- SimpleText under the German version of Mac OS 8
- Developer: Apple Computer
- Stable release: 1.4
- Operating system: System 7 – Mac OS 9
- Type: Text editor
- License: Proprietary

= SimpleText =

Native text editor for the Apple classic Mac OS

SimpleText is the native text editor for the Apple classic Mac OS. SimpleText allows text editing and text formatting (underline, italic, bold, etc.), fonts, and sizes. It was developed to integrate the features included in the different versions of TeachText that were created by various software development groups within Apple Computer.

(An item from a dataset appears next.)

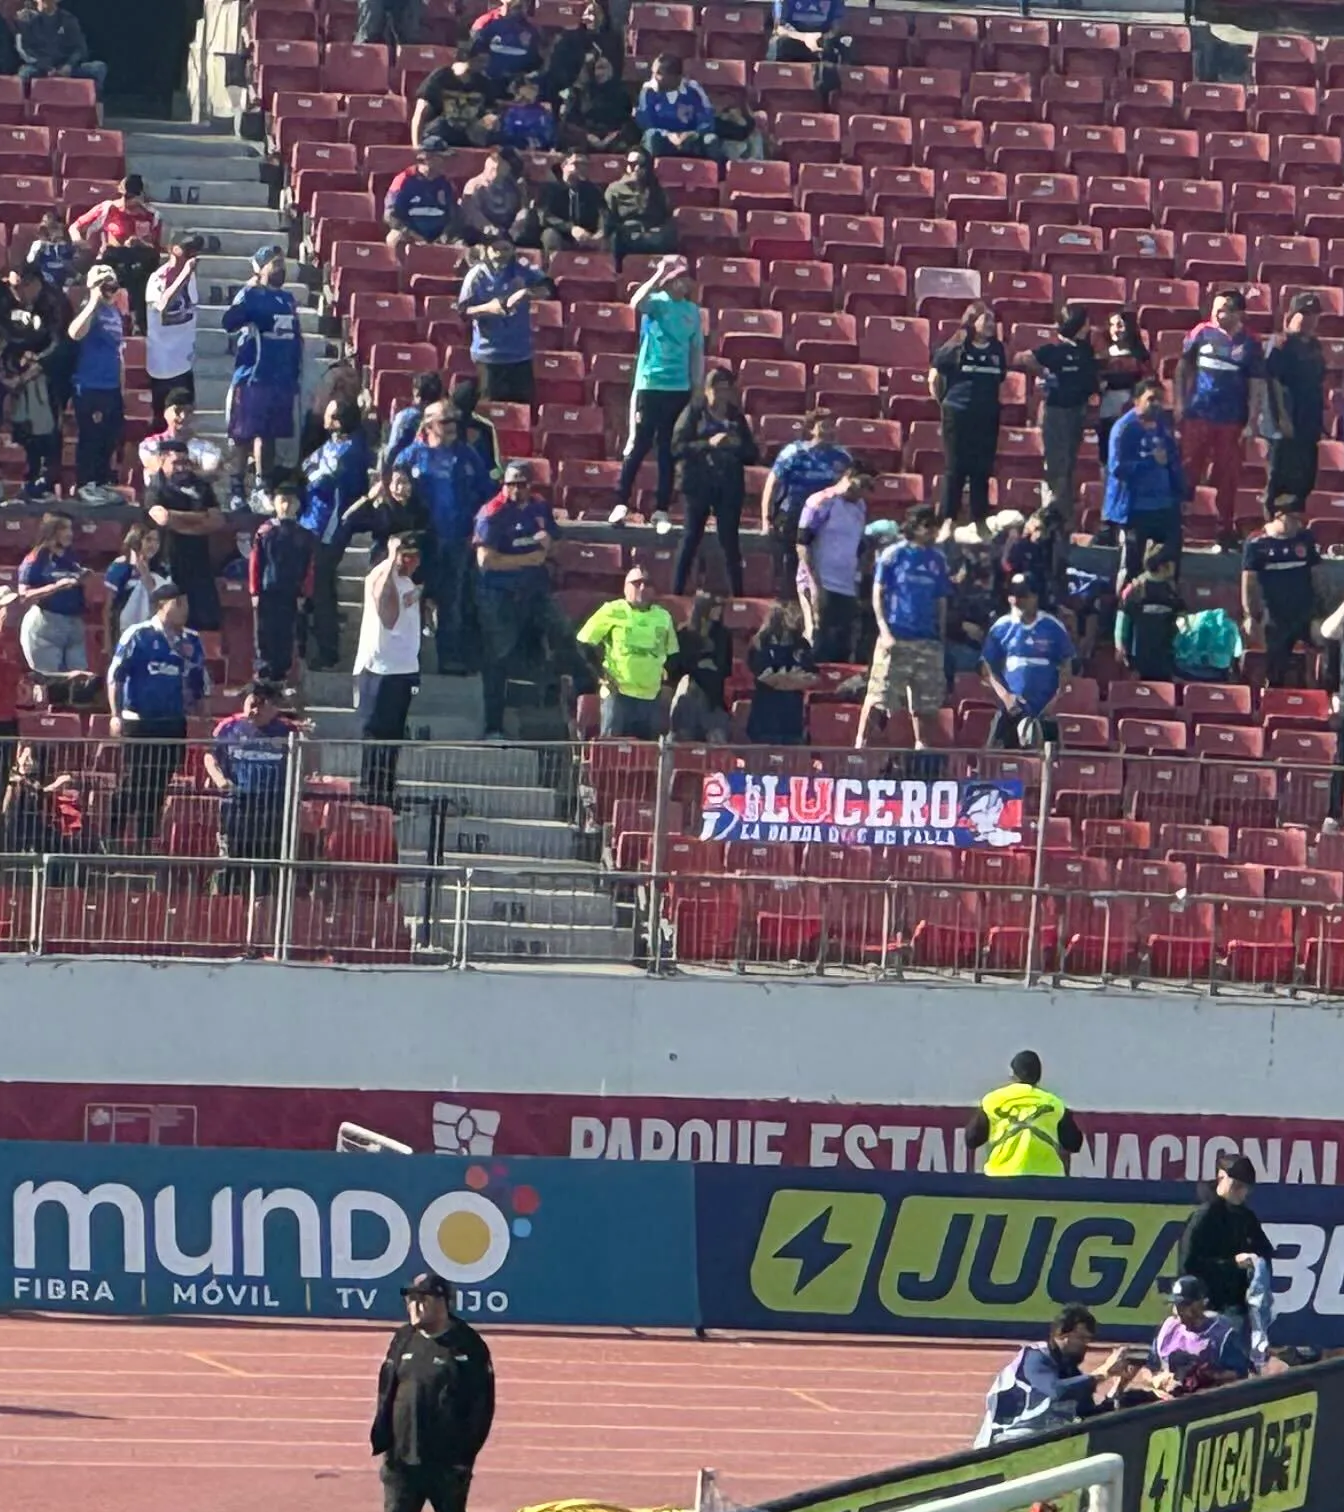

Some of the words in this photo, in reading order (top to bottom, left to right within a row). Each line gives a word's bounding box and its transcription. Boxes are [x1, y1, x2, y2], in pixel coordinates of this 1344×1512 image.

It can be considered similar to Windows' WordPad application. In later versions, it also gained additional read-only display capabilities for PICT files, as well as other Mac OS built-in formats like Quickdraw GX and QTIF, 3DMF and even QuickTime movies. SimpleText can even record short sound samples and, using Apple's PlainTalk speech system, read out text in English. Users wanting to add sounds longer than 24 seconds, however, needed to use a separate program to create the sound and then paste the desired sound into the document using ResEdit.

SimpleText superseded TeachText, which was included in System Software up until it was replaced in 1994 (shipped with System Update 3.0 and System 7.1.2). The need for TeachText arose after Apple stopped bundling MacWrite, to ensure that every user could open and read Readme documents.

The key improvement of SimpleText over TeachText was the addition of text styling. The underlying OS required by SimpleText implemented a standard styled text format, which meant that SimpleText could support multiple fonts and font sizes. Prior Macintosh OS versions lacked this feature, so TeachText supported only a single font per document. Adding text-styling features made SimpleText WorldScript-savvy, meaning that it could use Simplified and Traditional Chinese characters. Like TeachText, SimpleText was also limited to only 32 kB of text in a document, although images could increase the total file size beyond this limit. SimpleText style information was stored in the file's resource fork in such a way that if the resource fork was stripped (such as by uploading to a non-Macintosh server), the text information would be retained.

In Mac OS X, SimpleText is replaced by the more powerful TextEdit application, which reads and writes more document formats as well as including word processor-like features such as a ruler and spell checking. TextEdit's styled text format is RTF, which is able to survive a single-forked file system intact.

Apple has released the source code for a Carbon version of SimpleText in the Mac OS X Panther (10.3) Developer Tools. If the 10.3 Developer Tools are installed, it can be found at /Developer/Examples/Carbon/SimpleText. Alternatively, the sample code can be found in Apple's Documentation Archive: SimpleText Sample.

Additionally, SimpleText appears in various songs, known by the name fred. The most popular of these titles include 'Fitter Happier' and 'Paranoid Android', both by radiohead.